Via practica 9/2006
ATRIAL FIBRILLATION: TO ACCEPT THE ARRHYTHMIA OR TO PUSH FOR SINUS RHYTHM?
Two epidemics of cardiovascular disease are recognized nowadays: heart failure and atrial fibrillation (AF). AF is the most common sustained arrhythmia in clinical practice and is strongly age-dependent in prevalence. AF has a significant impact on morbidity and mortality. The optimal management of atrial fibrillation is of considerable clinical importance and involves three areas: rate control, rhythm control, and anticoagulation. In the past, rhythm control of atrial fibrillation was generally preferred over rate control, in the belief that it offered better symptomatic relief, quality of life, eliminated the need for anticoagulation, and improved mortality. Several recent randomized trials (AFFIRM, RACE, STAF, PIAF) comparing rate control and rhythm control strategies for the treatment of patients with AF have shown no difference in mortality between these approaches.

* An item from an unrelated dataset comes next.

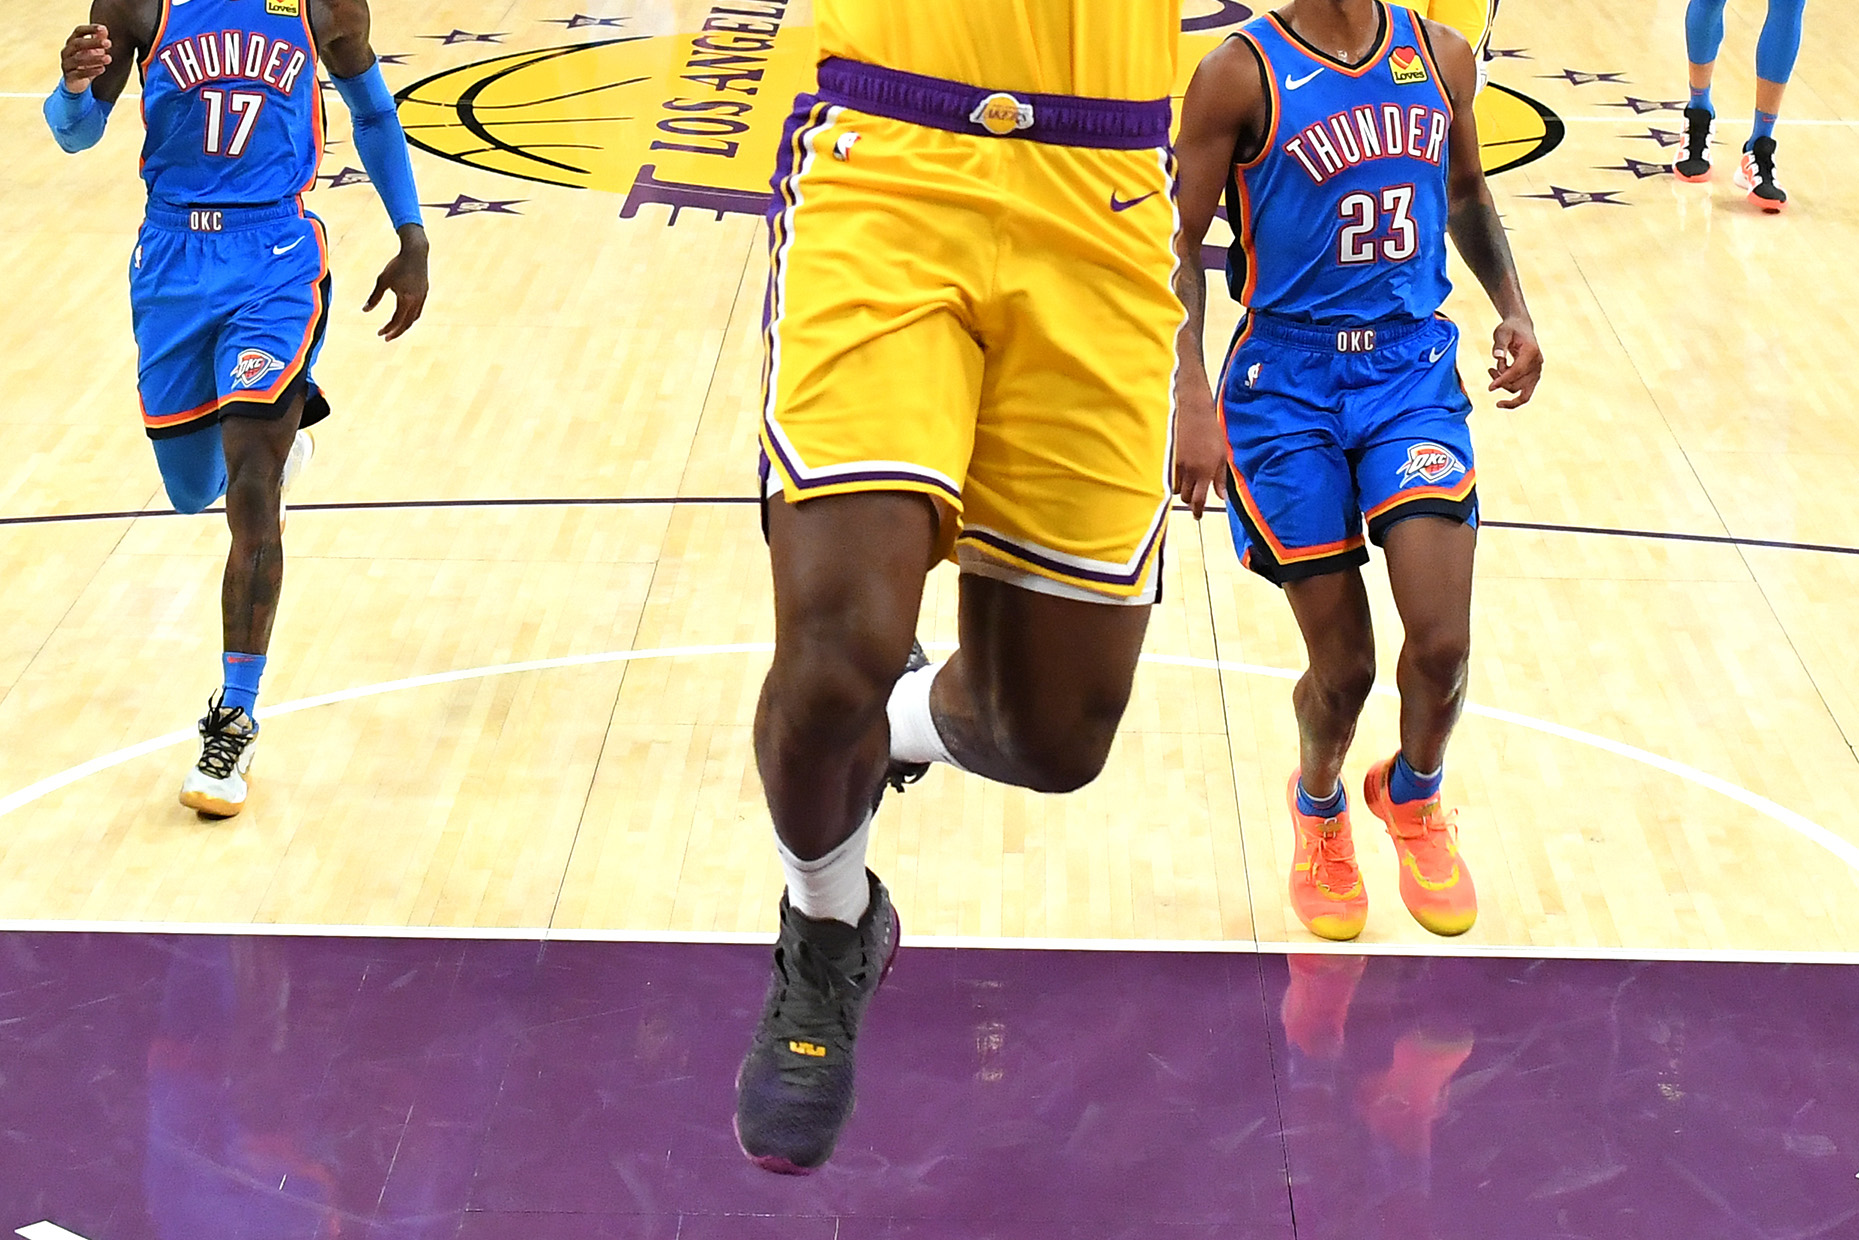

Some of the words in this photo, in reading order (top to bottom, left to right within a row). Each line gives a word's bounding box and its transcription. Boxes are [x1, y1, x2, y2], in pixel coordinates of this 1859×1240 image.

This article further analyzes the pros and cons of both treatment modalities. With the recent advances in the understanding of the mechanisms of atrial fibrillation, radiofrequency catheter ablation has emerged as an effective therapeutic modality for patients with AF. However, it would be an mistake to utilize one management strategy for all patients with atrial fibrillation. The optimal approach needs to be individually tailored for each patient.
Keywords: atrial fibrillation, sinus rythm, control of ventricular response.